51 suicidi in carcere dall’inizio dell’anno: doverosa una riflessione 

Donatella Hodo, di soli 27 anni, si è tolta la vita inalando gas nel carcere veronese di Montorio. Il suo suicidio è un’amara conferma di come siamo distanti millenni luce dalla umanità delle misure detentive e dalla gestione delle misure alternative.

Sono 51 i suicidi in carcere dall’inizio dell’anno (l’ultimo ieri mattina nel carcere di Monza) e 8 nei primi dieci giorni di agosto, una riflessione è doverosa e la politica pare sia troppo impegnata nei salotti elettorali anziché dare una sterzata alle decisioni da prendere sul pianeta carcere, ormai diventate salvavita. La maggior parte dei detenuti che hanno scelto di togliersi la vita  erano giovani d’età e reclusi per piccoli reati, per lo più per droga.

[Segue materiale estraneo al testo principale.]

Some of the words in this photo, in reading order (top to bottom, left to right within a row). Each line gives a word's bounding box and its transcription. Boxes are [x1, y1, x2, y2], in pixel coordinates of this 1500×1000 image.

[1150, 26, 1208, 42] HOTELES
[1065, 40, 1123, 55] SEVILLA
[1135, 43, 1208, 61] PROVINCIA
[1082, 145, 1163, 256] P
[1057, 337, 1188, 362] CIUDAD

Certo è che la macchina carceraria ha necessità di ritrovare o, meglio, trovare per la prima volta, la sua forza e la sua priorità istituzionale. Innanzitutto la dimensione ri-educativa e formativa, di cui i ristretti hanno bisogno, attraverso progetti portati avanti da personale qualificato come quello sanitario, educativo, pedagogico, psicologico, sociale e formativo puntando anche alla modulazione di corsi professionali che consentano, una volta fuori, di dare una seria svolta alle loro vite. Dunque un lavoro (non solo su se stessi) e una rete di contatti che li possa portare a ricostruirsi altrove. Il tutto senza dimenticare un fatto essenziale: il malato psichiatrico, tossicodipendente, così come colui che è affetto da malattie degenerative, invalidanti va gestito in centri specializzati (anche qui doveroso un controllo capillare perché troppi sono i casi in cui in tali strutture si peggiora e la dignità dei malati viene letteralmente genuflessa), attraverso la scelta di pene alternative.

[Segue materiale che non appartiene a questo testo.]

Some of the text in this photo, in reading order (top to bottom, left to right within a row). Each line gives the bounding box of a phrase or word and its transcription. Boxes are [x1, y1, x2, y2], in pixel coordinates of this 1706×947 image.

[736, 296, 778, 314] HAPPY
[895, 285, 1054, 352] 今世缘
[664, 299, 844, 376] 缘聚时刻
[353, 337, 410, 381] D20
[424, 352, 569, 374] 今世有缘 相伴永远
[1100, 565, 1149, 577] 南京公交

Nel caso specifico di Donatella, la  tossicodipendenza è giusto che si inizi a definirla per ciò che non è, appunto un reato e soprattutto si cominci a trattarla per ciò che è e, dunque, una malattia che è solo il sintomo di una sofferenza ben più grande, un grido di dolore e di inadeguatezza, una sofferenza che va curata non sanzionata. Se fossimo fattivamente un Paese civile si potrebbe ambire ad un sostegno psicologico, pedagogico, riabilitativo e, perché no, psicoanalitico.

Se Donatella, appena ventisettenne, solo con la droga riusciva a sopportare il male di vivere che la paralizzava e non le permetteva di aver fiducia nel domani e, una volta in carcere, viene circondata da una solitudine ancora più amara così fitta da indurla al suicidio, siamo alle prese con uno Stato che ha fallito. Così come fallisce ogni qualvolta i bambini, i giovani, gli anziani, tutte le fasce deboli urlano e, spesso non in silenzio, senza essere ascoltati! 

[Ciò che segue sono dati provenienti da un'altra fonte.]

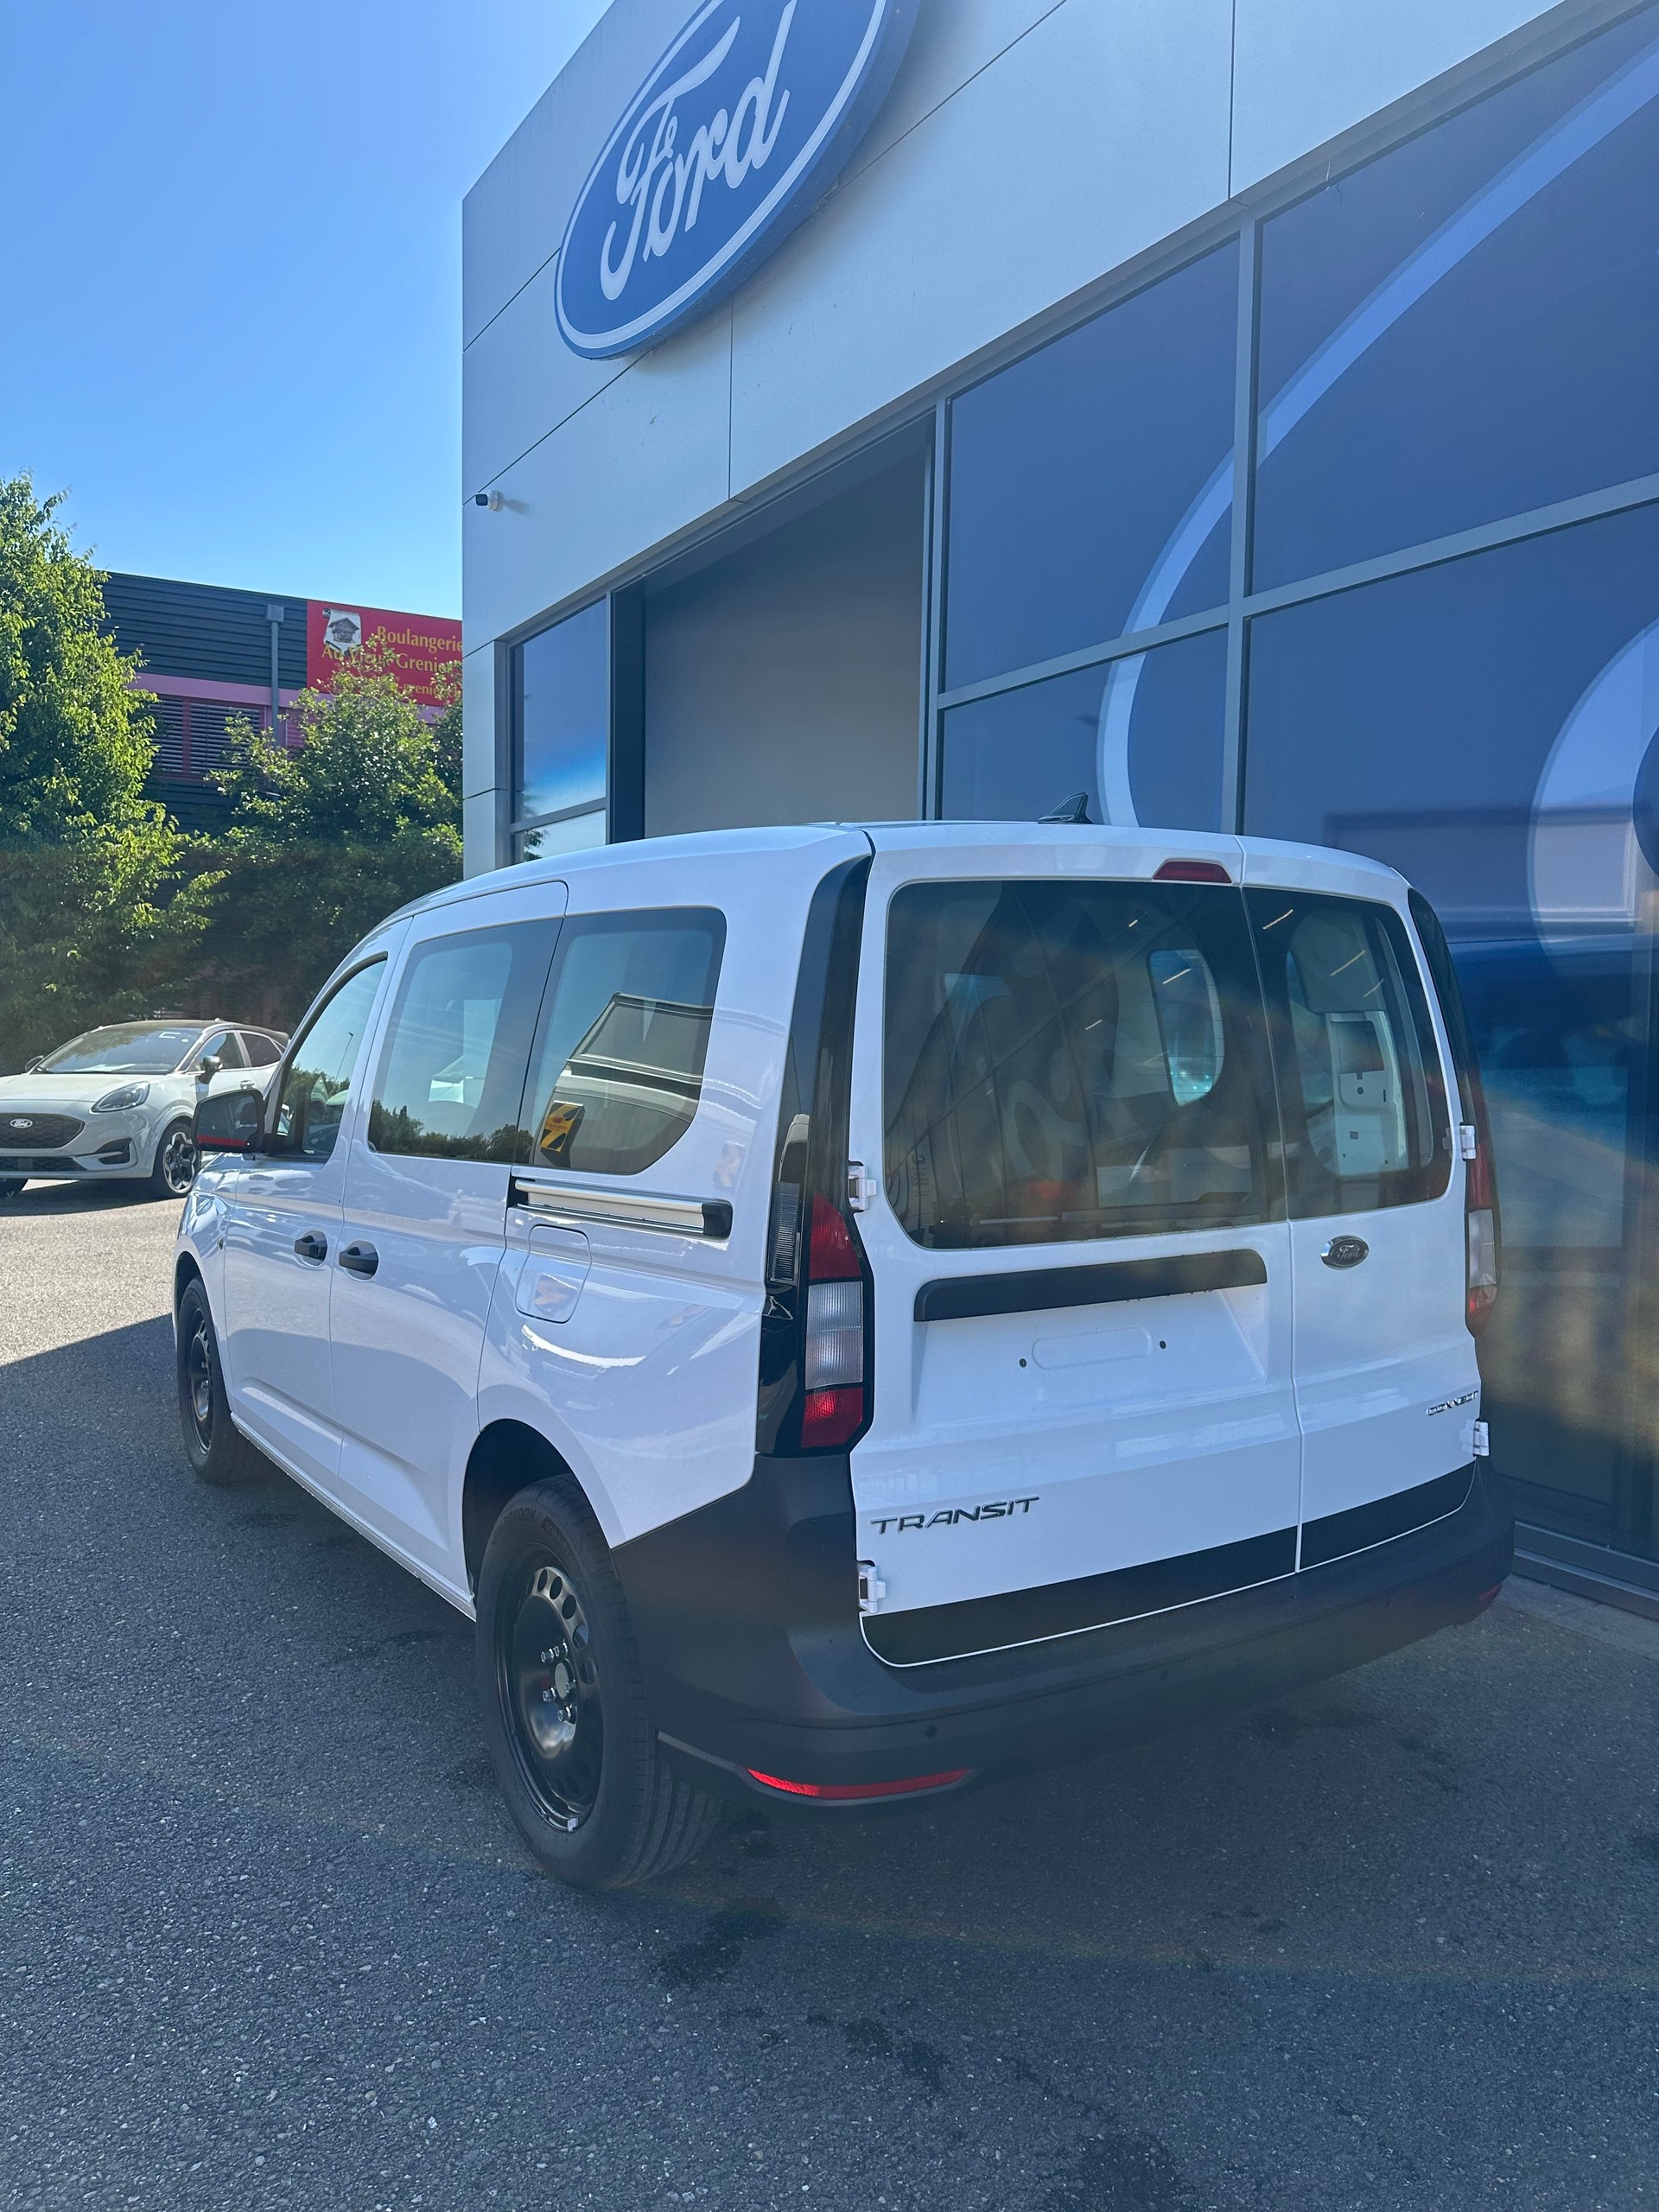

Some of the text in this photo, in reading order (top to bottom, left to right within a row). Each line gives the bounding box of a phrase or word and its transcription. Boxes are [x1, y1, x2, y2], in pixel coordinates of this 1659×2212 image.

[601, 0, 797, 300] Ford
[321, 643, 344, 661] Au
[377, 626, 462, 654] Boulangerie
[1337, 1244, 1360, 1259] Ford
[870, 1496, 1040, 1535] TRANSIT

E duole dover ammettere anche  che il carcere non è per le donne né per i trans e va attivata una rimodulazione degli schemi carcerari anche in questo senso. Non lo è per loro né per nessun altro. Esiste il diritto alla dignità? Perché di dignità si deve parlare e discutere, non di promesse elettorali che nulla hanno a che vedere con i reali bisogni che da decenni sono messi a tacere o, ancor peggio, ignorati senza una concreta evoluzione. Perché di evoluzione si deve cominciare a parlare.

Oggi come oggi non si ricorre all’uso problematico di sostanze per esprimere una personale forma di protesta nei confronti della società bensì per rispondere al meglio alle richieste della società stessa. Dunque, va fatto un vero e proprio rastrellamento con annessa inseminazione di equilibri che parte da molto prima della reclusione. Va fatta negli istituti scolastici,  ricreativi, va fatta per strada, tra la gente, va fatta attraverso una sterzata soprattutto culturale che parte dalla assenza di pregiudizi nei riguardi delle famiglie cosiddette ‘problematiche’ così come in quelle ‘per bene’. Smettendo di definire le persone e iniziando a definire le occasioni che portano le persone a cadere in un baratro che il più delle volte è figlio di una necessità economica, prima ancora che sociale. 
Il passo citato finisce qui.